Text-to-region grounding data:
----

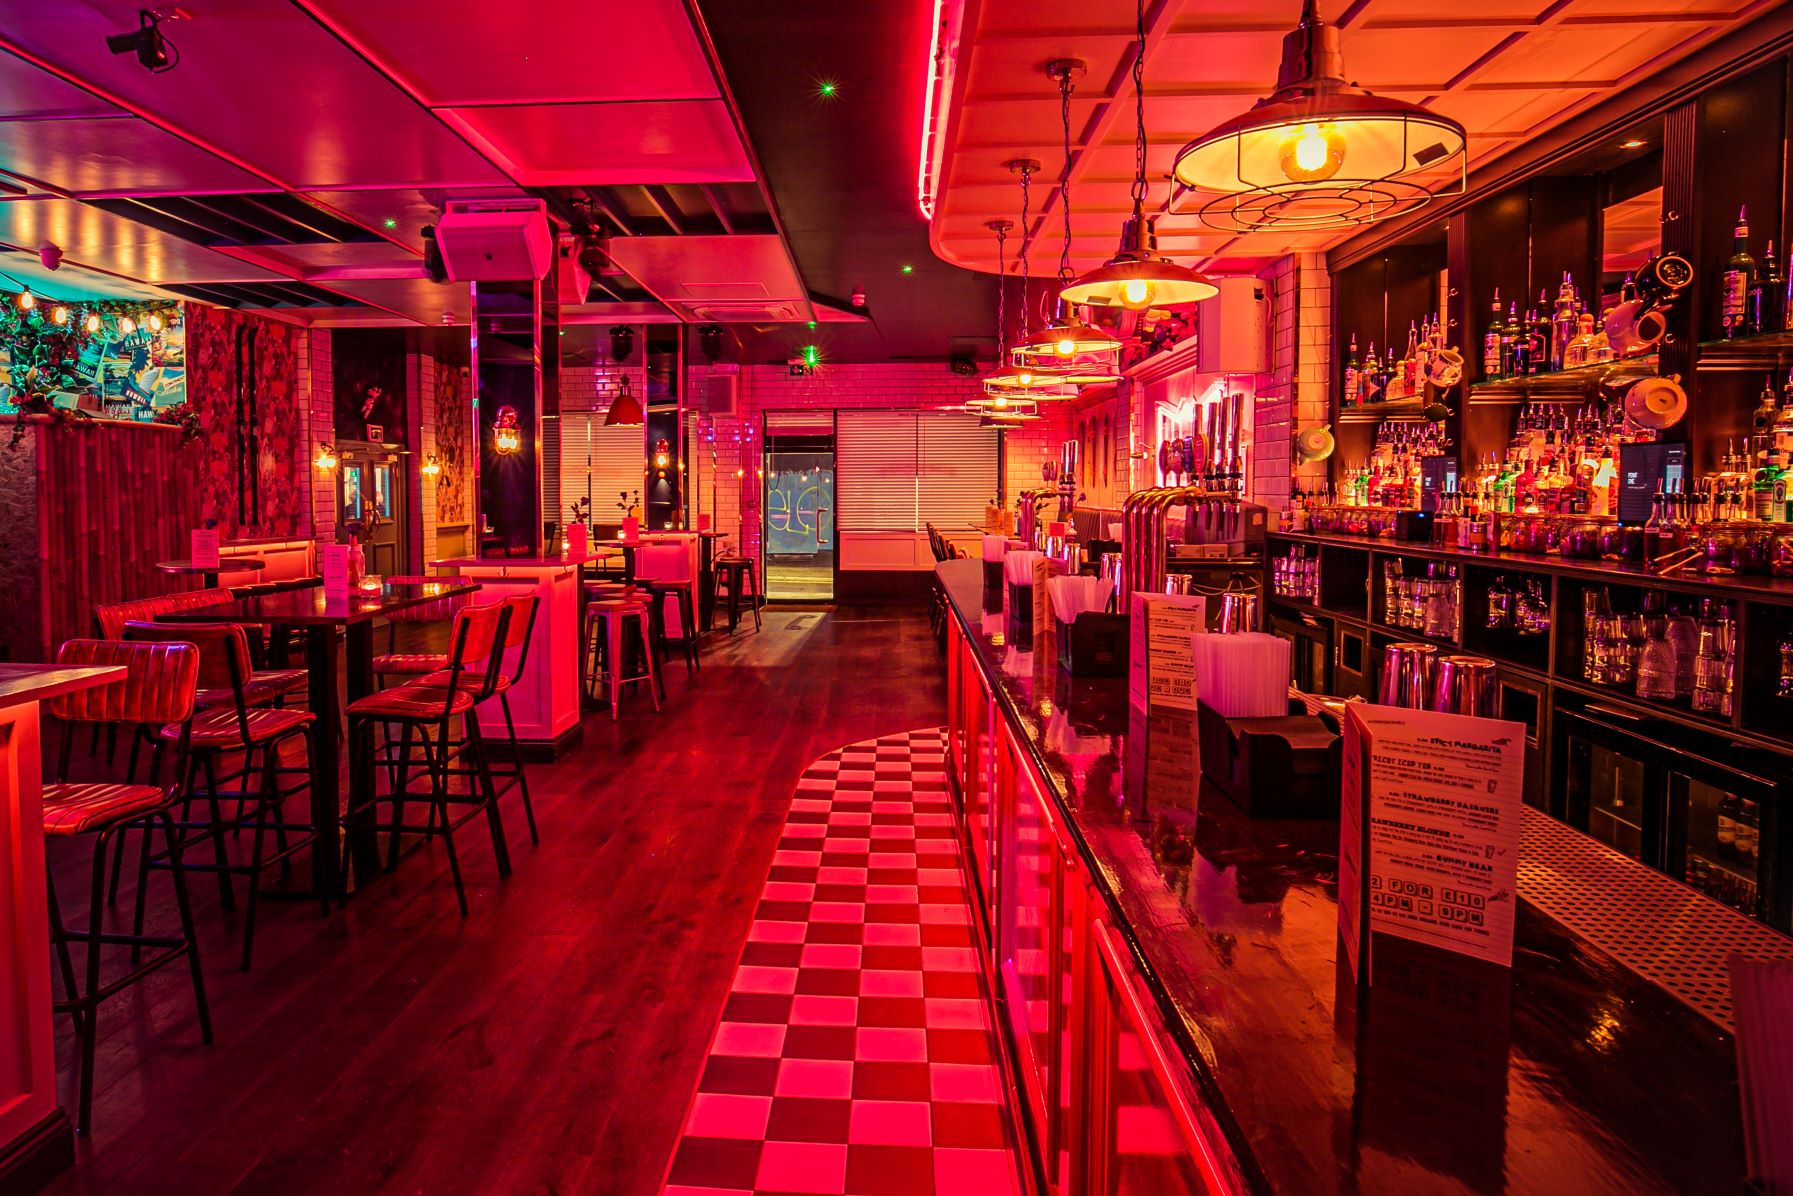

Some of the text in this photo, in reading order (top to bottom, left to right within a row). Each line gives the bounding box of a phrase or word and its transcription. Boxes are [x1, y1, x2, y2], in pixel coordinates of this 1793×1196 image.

[75, 364, 95, 377] AWAII
[138, 410, 153, 419] HAW
[1454, 740, 1502, 754] MARGARITA
[1372, 754, 1396, 765] RICOT
[1397, 757, 1416, 768] ICED
[1403, 791, 1455, 807] STRAWBERRY
[1371, 817, 1416, 831] RAWBERRY
[1436, 854, 1467, 867] GUMMY
[1468, 861, 1494, 872] BEAR
[1392, 881, 1429, 895] FOR
[1445, 891, 1481, 906] £10
[1372, 894, 1409, 908] 4PM
[1442, 908, 1480, 923] 9PM
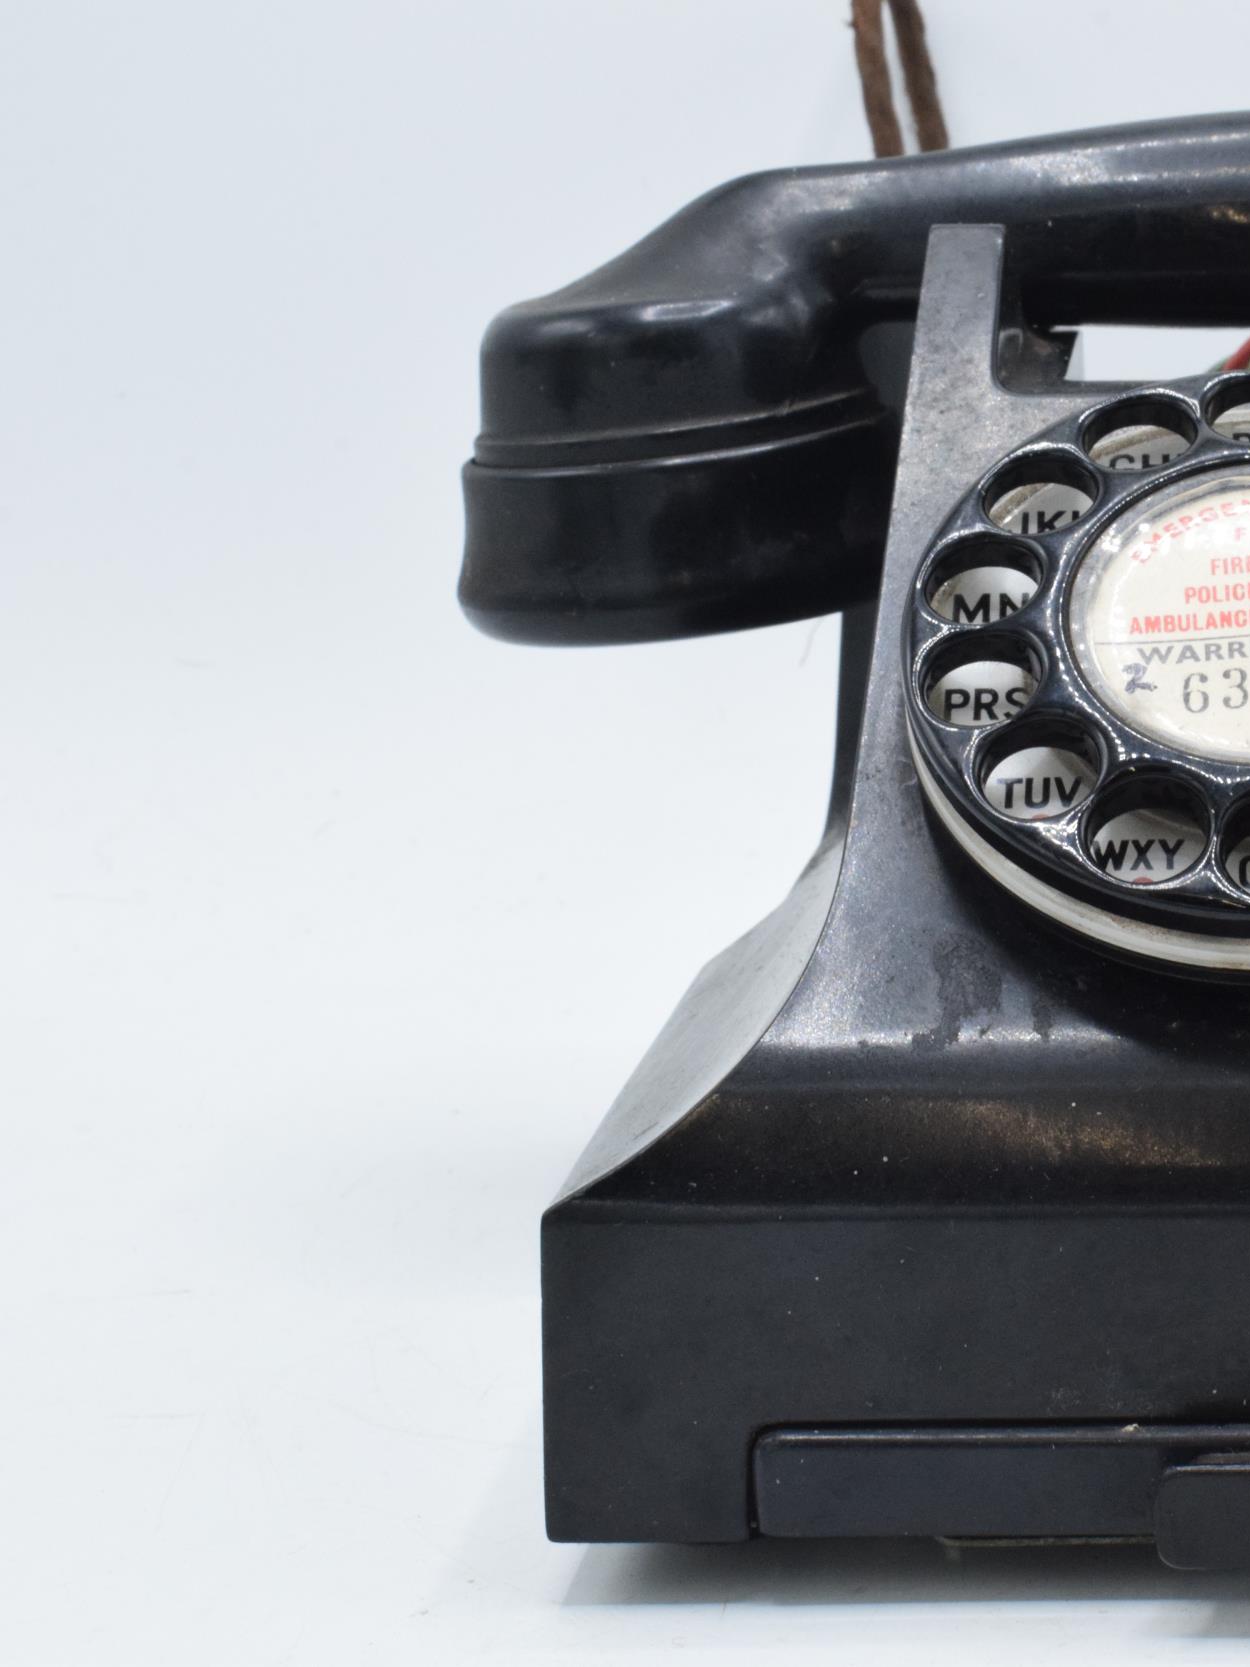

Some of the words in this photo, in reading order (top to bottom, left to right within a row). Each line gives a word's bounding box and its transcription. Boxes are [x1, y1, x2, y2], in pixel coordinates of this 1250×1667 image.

[953, 593, 1030, 623] MN
[943, 687, 1026, 721] PRS
[995, 776, 1083, 809] TUV
[1092, 838, 1185, 871] WXY
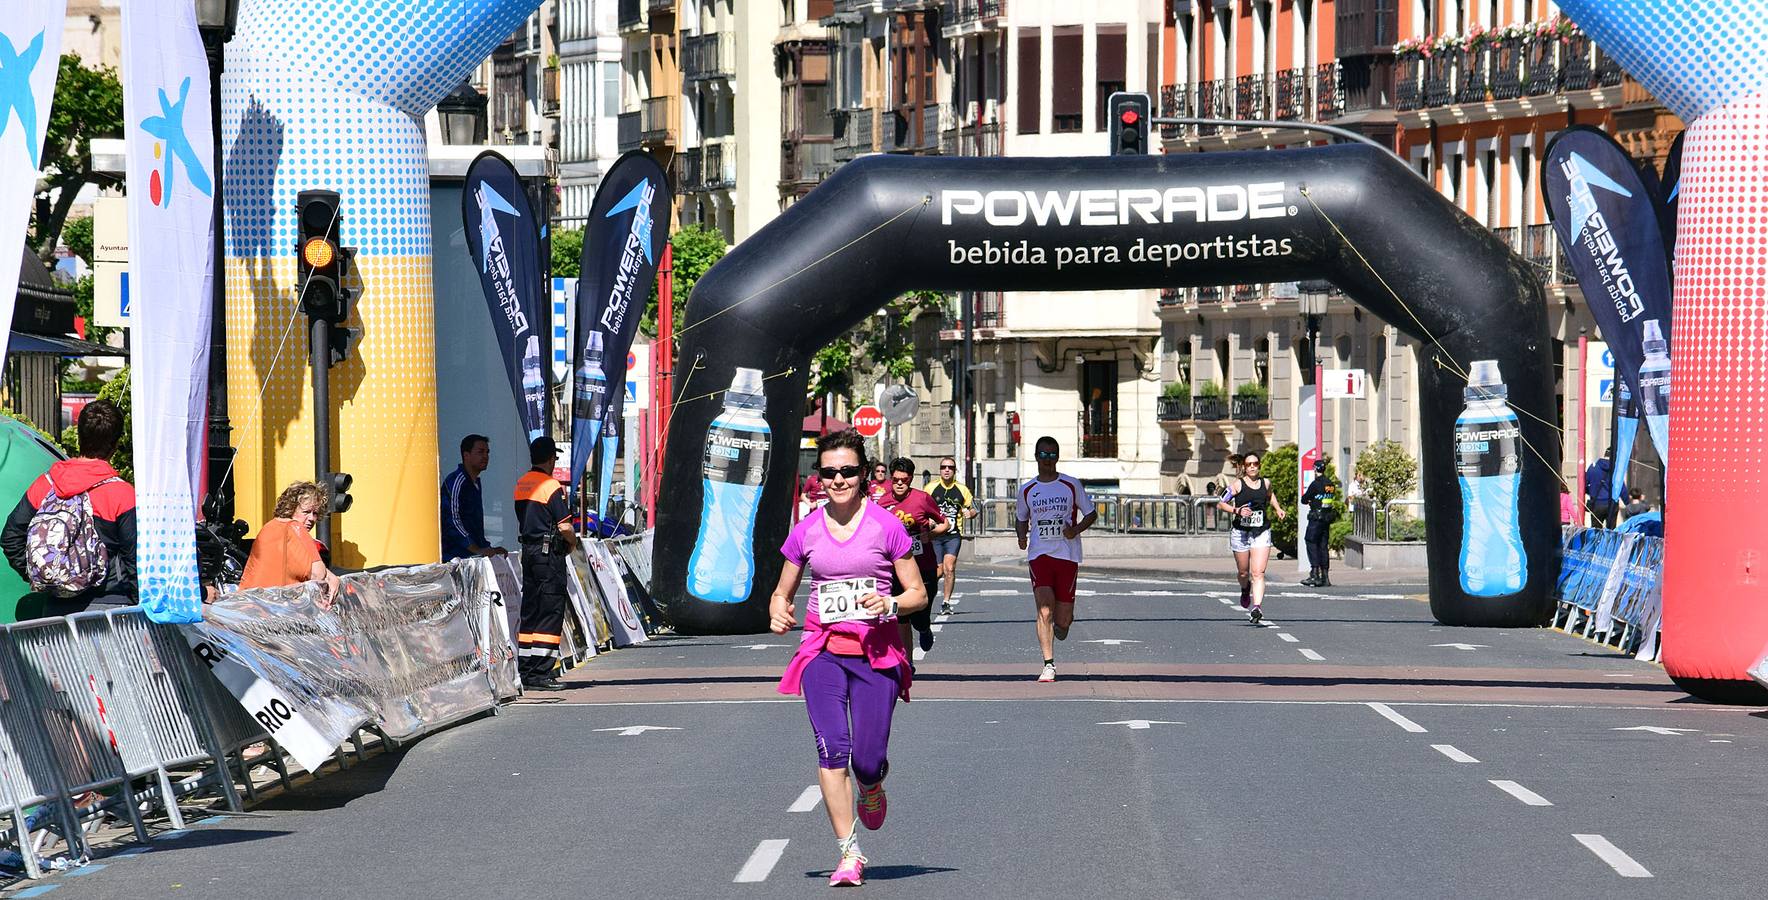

----

Your task is to print exactly the lines from the one containing "Some of the words" through the final line of the records above, with no pictures and nothing more.

**Output for this exercise:**
Some of the words in this photo, in reading order (top to bottom, left to right within a row). Each line gives a word's bounding box and its transcription. Boxes are [x1, y1, x2, y2], in pixel coordinates of this 1250×1667 image.

[953, 593, 1030, 623] MN
[943, 687, 1026, 721] PRS
[995, 776, 1083, 809] TUV
[1092, 838, 1185, 871] WXY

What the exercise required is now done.